History

United States
- Name: USS Force
- Builder: Penn-Jersey Corp., Camden, New Jersey
- Laid down: 19 November 1941
- Launched: 7 September 1942
- Commissioned: 16 June 1943
- Renamed: USS PC-1603, 1 June 1944
- Decommissioned: 21 June 1945
- Honors and awards: 3 battle stars (World War II)
- Fate: Destroyed, 24 October 1945

General characteristics
- Class & type: Adroit-class minesweeper
- Displacement: 295 long tons (300 t)
- Length: 173 ft 8 in (52.93 m)
- Beam: 23 ft (7.0 m)
- Draft: 7 ft 7 in (2.31 m)
- Propulsion: 2 × 1,440 bhp (1,074 kW) Busch-Sulzer BS 539 diesel engines (Serial Nos. BS1147 & BS1148); Farrel-Birmingham single reduction gear; 2 shafts;
- Speed: 17 knots (31 km/h)
- Complement: 65
- Armament: 1 × 3 in (76 mm)/50 cal; 2 × 40 mm gun; 8 × 20 mm cannons; 5 × depth charge projectors; 2 × depth charge tracks;

= USS PC-1603 =

Submarine chaser of the United States Navy during World War II

USS PC-1603 was a submarine chaser of the United States Navy during World War II. She was originally built and commissioned as USS Force (AM-99), an . On 1 June, she was renamed PC-1603 and earned three battle stars for service in the Pacific during the war. The ship was damaged by a pair of kamikaze aircraft on 26 May 1945 and later scuttled.

== Career ==
Force was laid down on 19 November 1941 by the Penn-Jersey Corp., Camden, New Jersey, launched on 7 September 1942, and commissioned on 16 June 1943. The ship was reclassified a submarine chaser PC-1603 on 1 June 1944.

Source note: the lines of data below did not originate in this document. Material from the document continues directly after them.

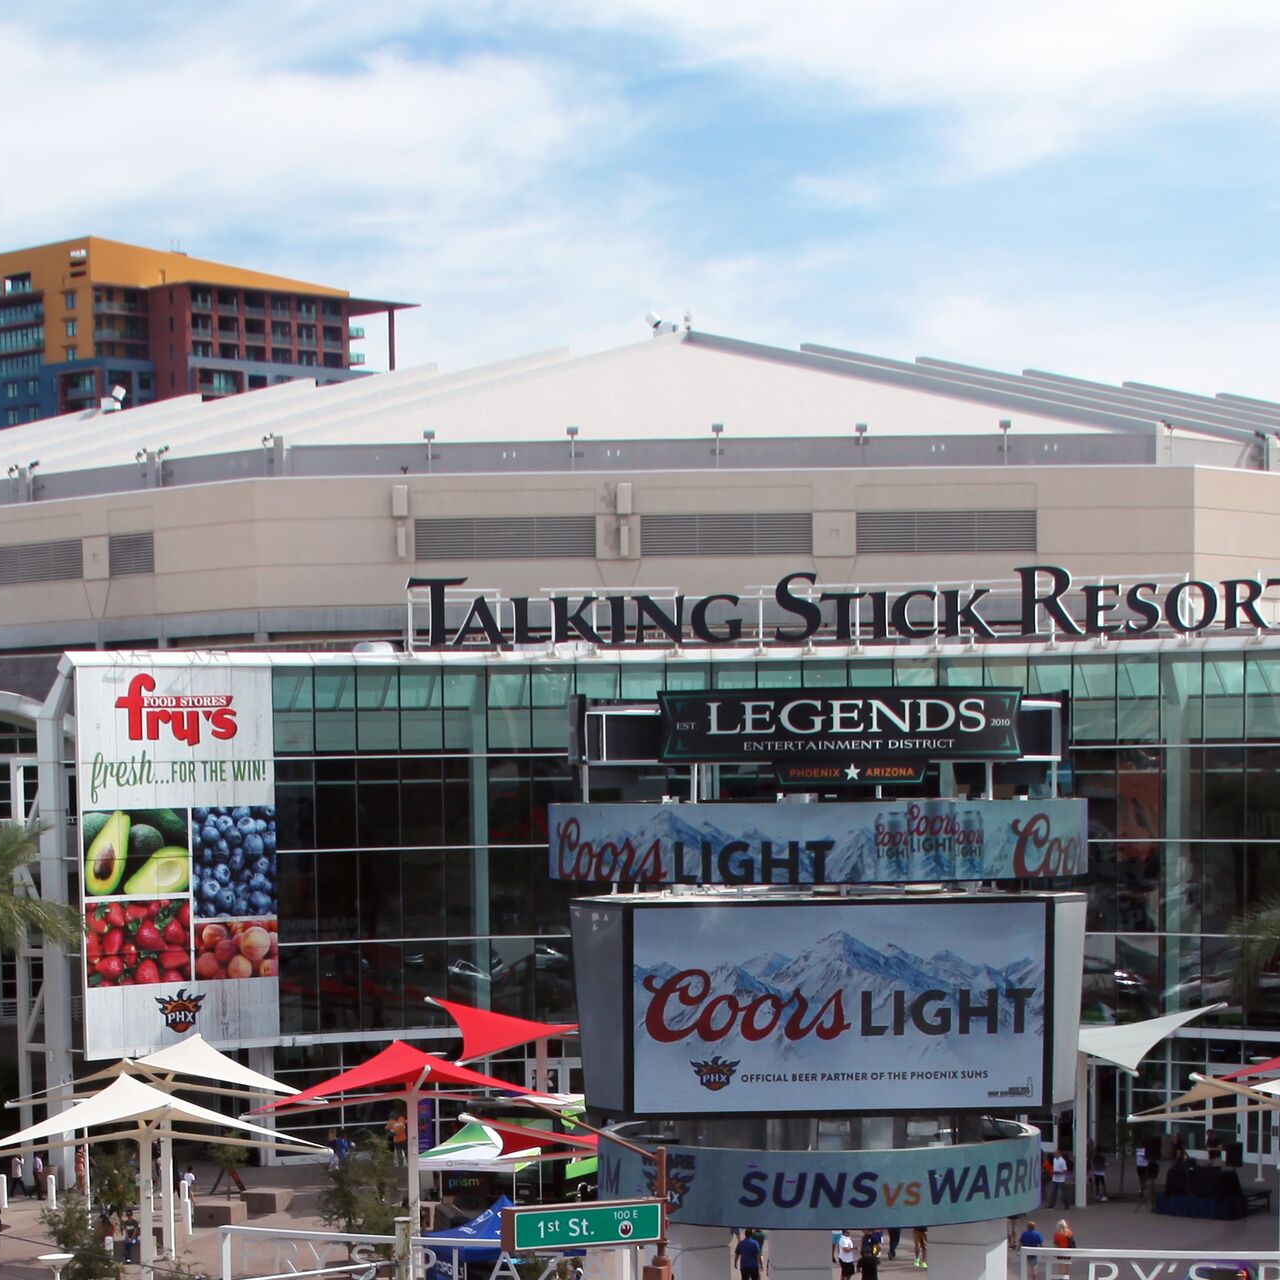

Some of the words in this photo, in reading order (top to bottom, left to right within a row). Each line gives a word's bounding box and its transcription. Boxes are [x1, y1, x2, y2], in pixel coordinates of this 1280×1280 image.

[407, 577, 741, 646] TALKING
[775, 573, 1000, 643] STICK
[144, 697, 176, 706] FOOD
[181, 696, 226, 706] STORES
[115, 673, 238, 746] fry's
[706, 699, 986, 735] LEGENDS
[990, 718, 1011, 728] 2010
[743, 739, 883, 751] ENTERTAINMENT
[888, 738, 955, 749] DISTRICT
[171, 760, 196, 782] FOR
[201, 760, 227, 782] THE
[232, 759, 266, 782] WIN!
[789, 768, 840, 778] PHOENIX
[865, 767, 914, 777] ARIZONA
[557, 817, 667, 882] Coors
[675, 839, 835, 885] LIGHT
[910, 837, 952, 852] LIGHT
[643, 969, 851, 1042] Coors
[860, 988, 1036, 1037] LIGHT
[166, 1010, 194, 1025] PHX
[701, 1073, 729, 1085] PHX
[741, 1073, 788, 1083] OFFICIAL
[791, 1073, 817, 1082] BEER
[821, 1072, 868, 1082] PARTNER
[871, 1072, 885, 1081] OF
[888, 1071, 907, 1081] THE
[910, 1070, 958, 1080] PHOENIX
[961, 1070, 988, 1079] SUNS
[448, 1178, 480, 1189] prism
[741, 1171, 879, 1209] SUNS
[613, 1211, 630, 1220] 100
[632, 1210, 638, 1218] E
[538, 1219, 560, 1238] 1st
[568, 1218, 595, 1237] St.

On 26 May 1945, while anchored in Kimmu Wan, Okinawa, PC-1603 was struck by two Kawasaki Ki-61 "Tony" kamikaze aircraft. The first hit the bow at the water line and the second hit the bow at deck level. Three people died and 15 wounded mostly from burns.

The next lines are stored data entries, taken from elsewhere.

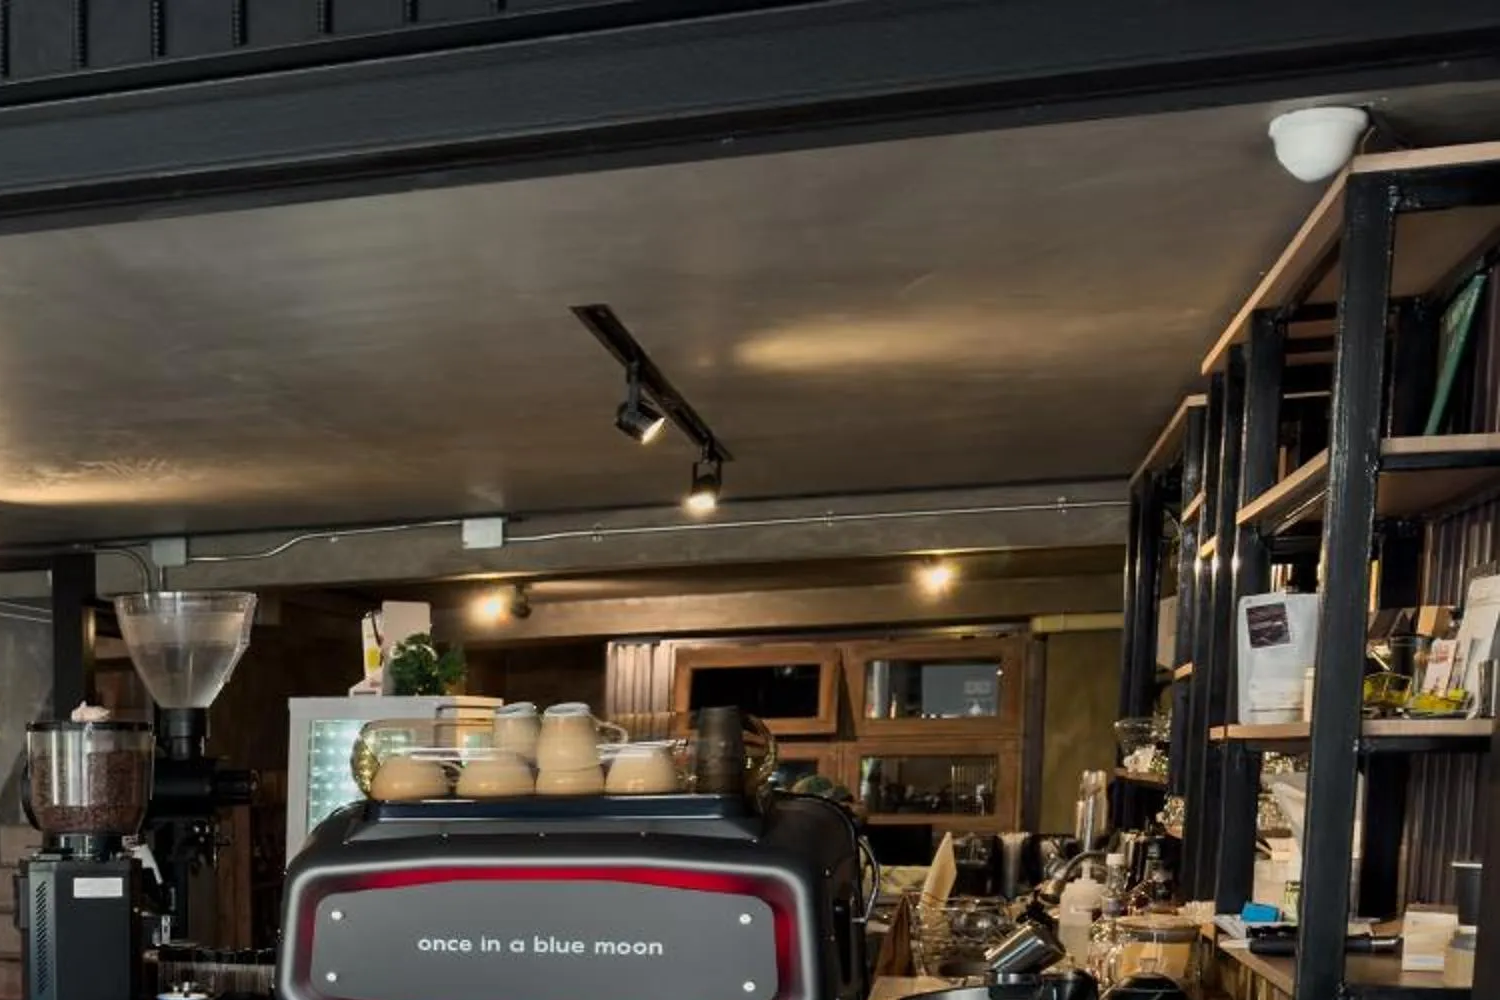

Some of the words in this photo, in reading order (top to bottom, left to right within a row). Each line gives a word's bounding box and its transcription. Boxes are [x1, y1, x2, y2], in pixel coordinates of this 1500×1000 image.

[417, 936, 473, 952] once
[481, 935, 501, 953] in
[509, 938, 525, 953] a
[533, 935, 585, 954] blue
[594, 939, 664, 956] moon

On 21 June 1945 PC-1603 was decommissioned and towed to the ship graveyard at Kerama Retto. The hulk was ordered destroyed on 24 October 1945. The hull was incorporated in the building of a breakwater/dock and officially donated to the Government of the Ryukyu Islands on 10 July 1957.

PC-1603 was awarded three battle stars for the Leyte, Luzon and Okinawa landings.